Everything from the line containing "Some of the text" to the end of the data must be duplicated word for word, and nothing else may appear.

● **Data records**:
▽
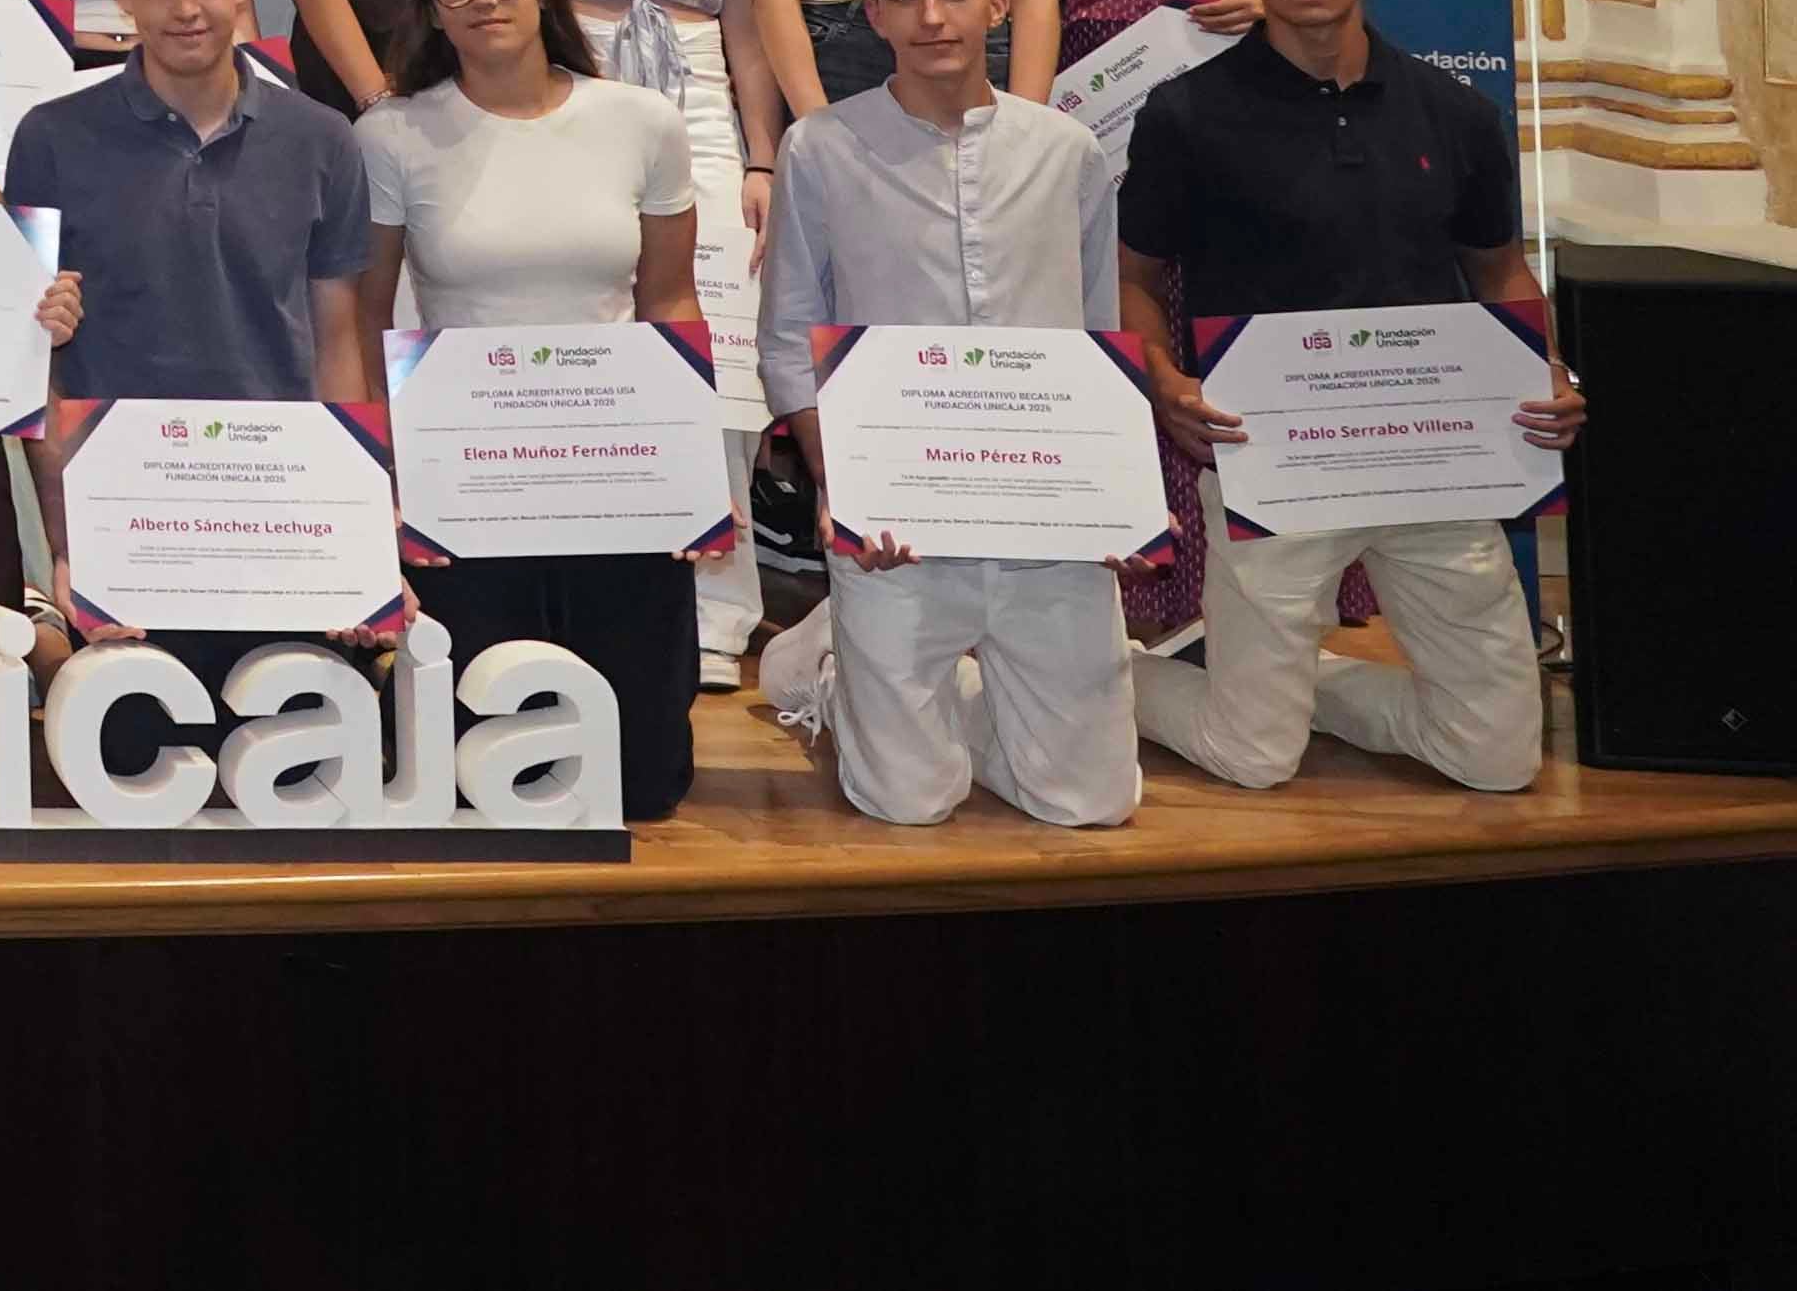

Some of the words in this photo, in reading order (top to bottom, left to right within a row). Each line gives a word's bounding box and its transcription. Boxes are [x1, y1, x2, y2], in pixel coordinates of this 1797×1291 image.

[1410, 50, 1507, 71] dación
[1375, 327, 1436, 339] Fundación
[1375, 337, 1420, 349] Unicaja
[555, 346, 612, 358] Fundación
[990, 349, 1046, 361] Fundación
[556, 356, 598, 368] Unicaja
[990, 359, 1032, 371] Unicaja
[471, 389, 514, 399] DIPLOMA
[516, 388, 582, 398] ACREDITATIVO
[584, 387, 615, 396] BECAS
[616, 386, 635, 395] USA
[550, 399, 592, 408] UNICAJA
[227, 422, 283, 433] Fundación
[1287, 426, 1337, 442] Pablo
[1340, 422, 1408, 439] Serrabo
[1413, 418, 1474, 435] Villena
[227, 432, 268, 444] Unicaja
[463, 447, 508, 461] Elena
[512, 444, 568, 460] Muñoz
[572, 443, 657, 458] Fernández
[926, 448, 976, 464] Mario
[980, 448, 1027, 465] Pérez
[1032, 451, 1062, 465] Ros
[129, 517, 189, 532] Alberto
[194, 518, 260, 534] Sánchez
[265, 520, 333, 538] Lechuga
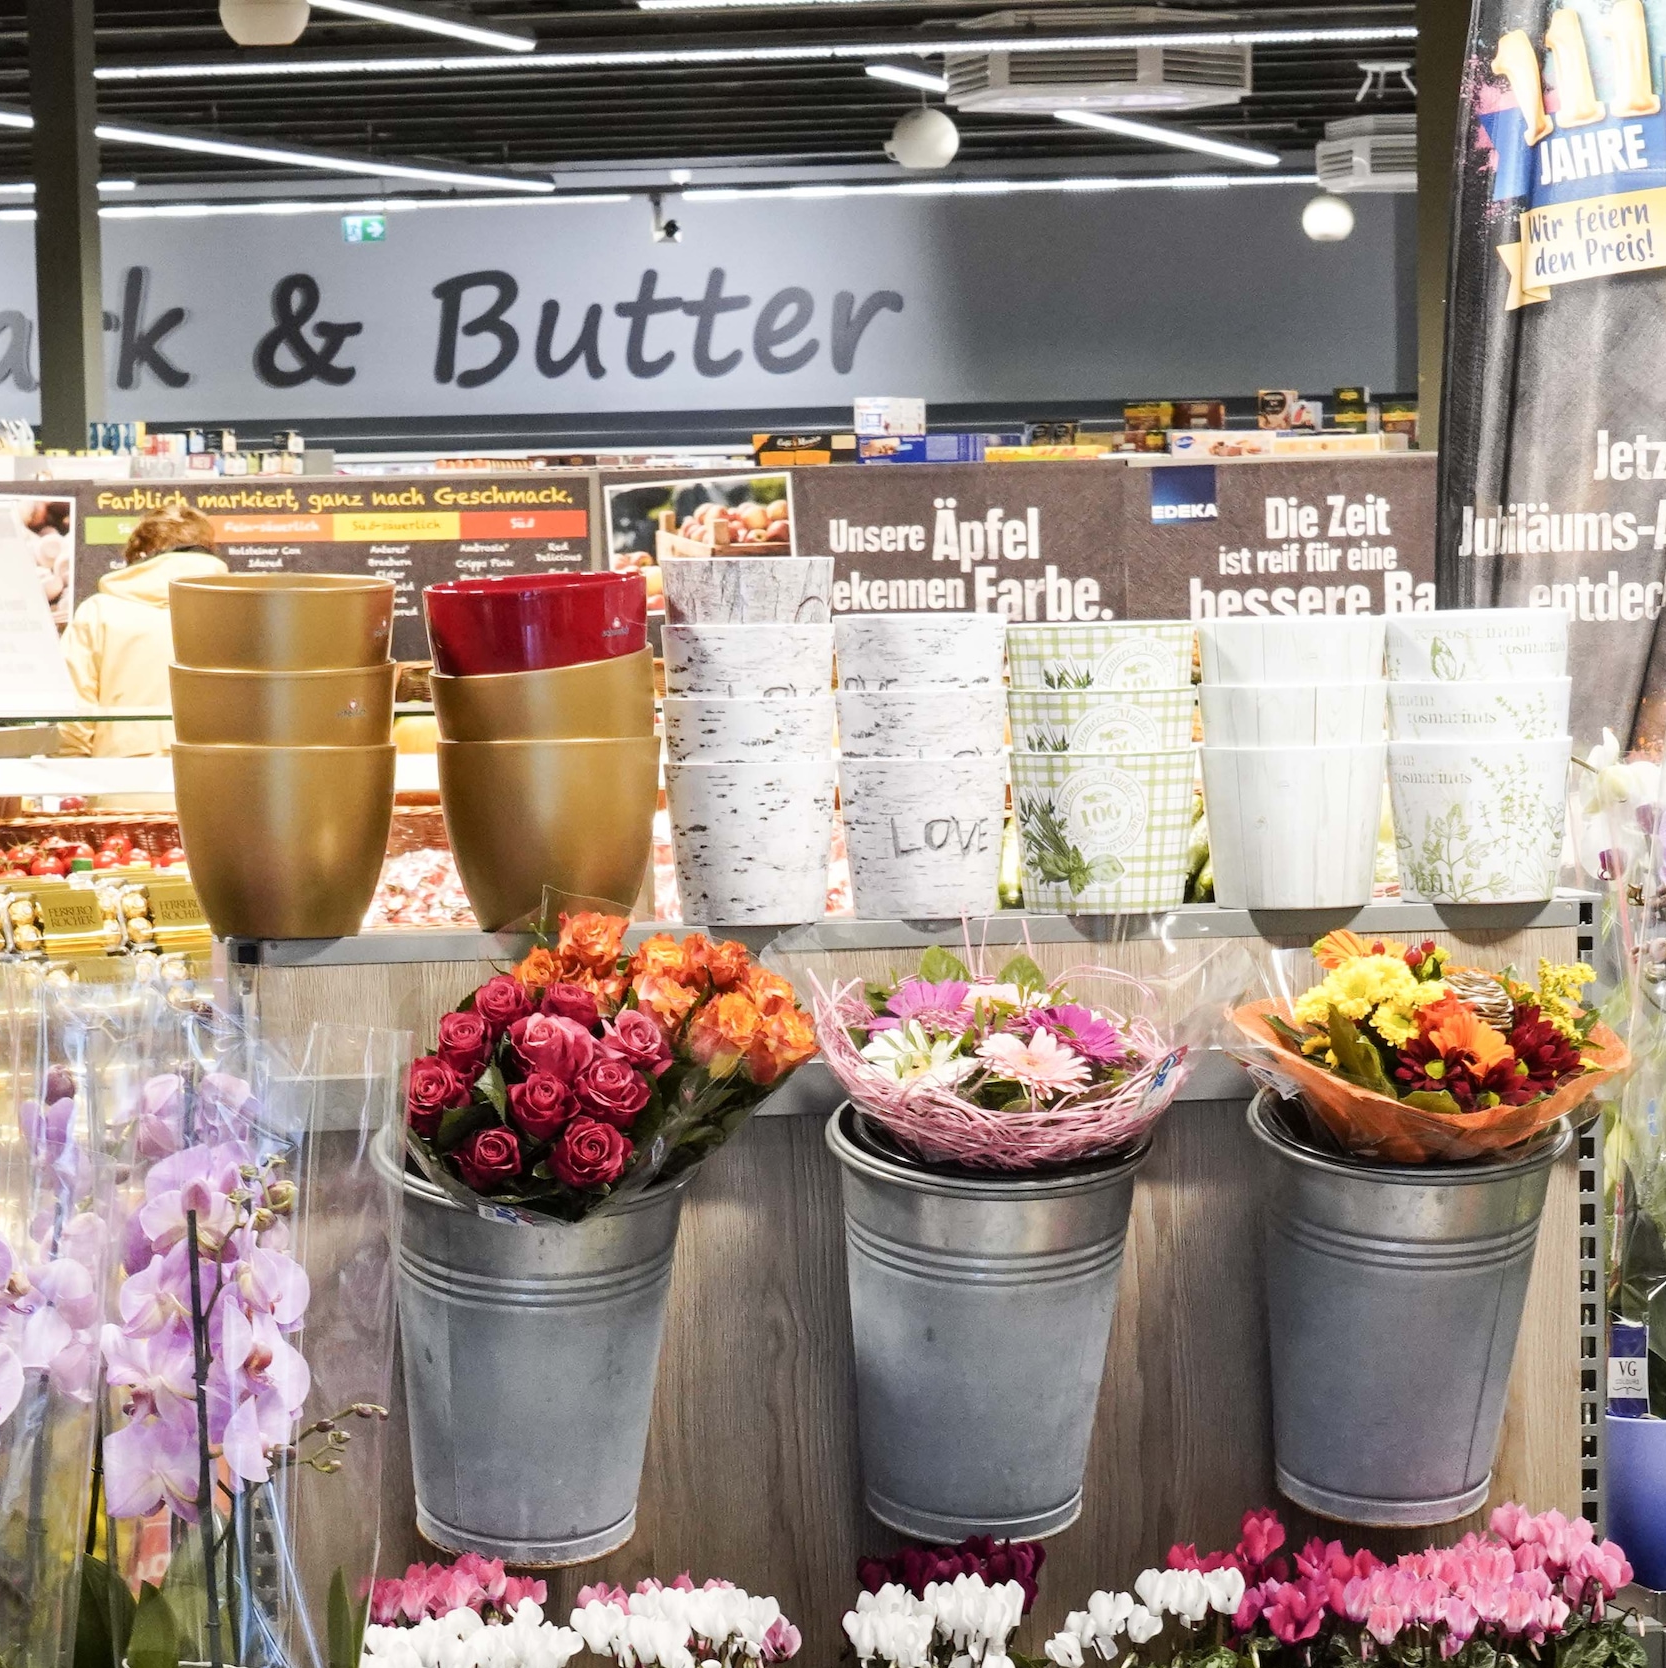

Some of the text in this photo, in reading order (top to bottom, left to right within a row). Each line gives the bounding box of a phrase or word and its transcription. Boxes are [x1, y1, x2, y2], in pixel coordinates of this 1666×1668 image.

[1539, 123, 1649, 187] JAHRE
[1528, 202, 1651, 245] Wir feiern
[1534, 228, 1656, 278] den Preis!
[251, 270, 364, 390] &
[431, 267, 906, 389] Butter
[96, 485, 575, 514] Farblich markiert, ganz nach Geschmack.
[1151, 503, 1219, 519] EDEKA
[1264, 493, 1391, 540] Die Zeit
[828, 497, 1041, 562] Unsere Äpfel
[1218, 540, 1397, 575] ist reif für eine
[832, 565, 1114, 622] ekennen Farbe.
[1190, 568, 1437, 618] bessere Ba
[889, 814, 990, 860] LOVE
[1080, 803, 1123, 828] 100
[47, 906, 93, 920] FERRERO
[49, 915, 96, 929] ROCHER
[1618, 1360, 1637, 1376] VG
△
● **Answer section**:
Some of the text in this photo, in reading order (top to bottom, left to right within a row). Each line gives the bounding box of a phrase or word and its transcription. Boxes are [x1, y1, x2, y2], in pixel coordinates of this 1666×1668 image.

[1539, 123, 1649, 187] JAHRE
[1528, 202, 1651, 245] Wir feiern
[1534, 228, 1656, 278] den Preis!
[251, 270, 364, 390] &
[431, 267, 906, 389] Butter
[96, 485, 575, 514] Farblich markiert, ganz nach Geschmack.
[1151, 503, 1219, 519] EDEKA
[1264, 493, 1391, 540] Die Zeit
[828, 497, 1041, 562] Unsere Äpfel
[1218, 540, 1397, 575] ist reif für eine
[832, 565, 1114, 622] ekennen Farbe.
[1190, 568, 1437, 618] bessere Ba
[889, 814, 990, 860] LOVE
[1080, 803, 1123, 828] 100
[47, 906, 93, 920] FERRERO
[49, 915, 96, 929] ROCHER
[1618, 1360, 1637, 1376] VG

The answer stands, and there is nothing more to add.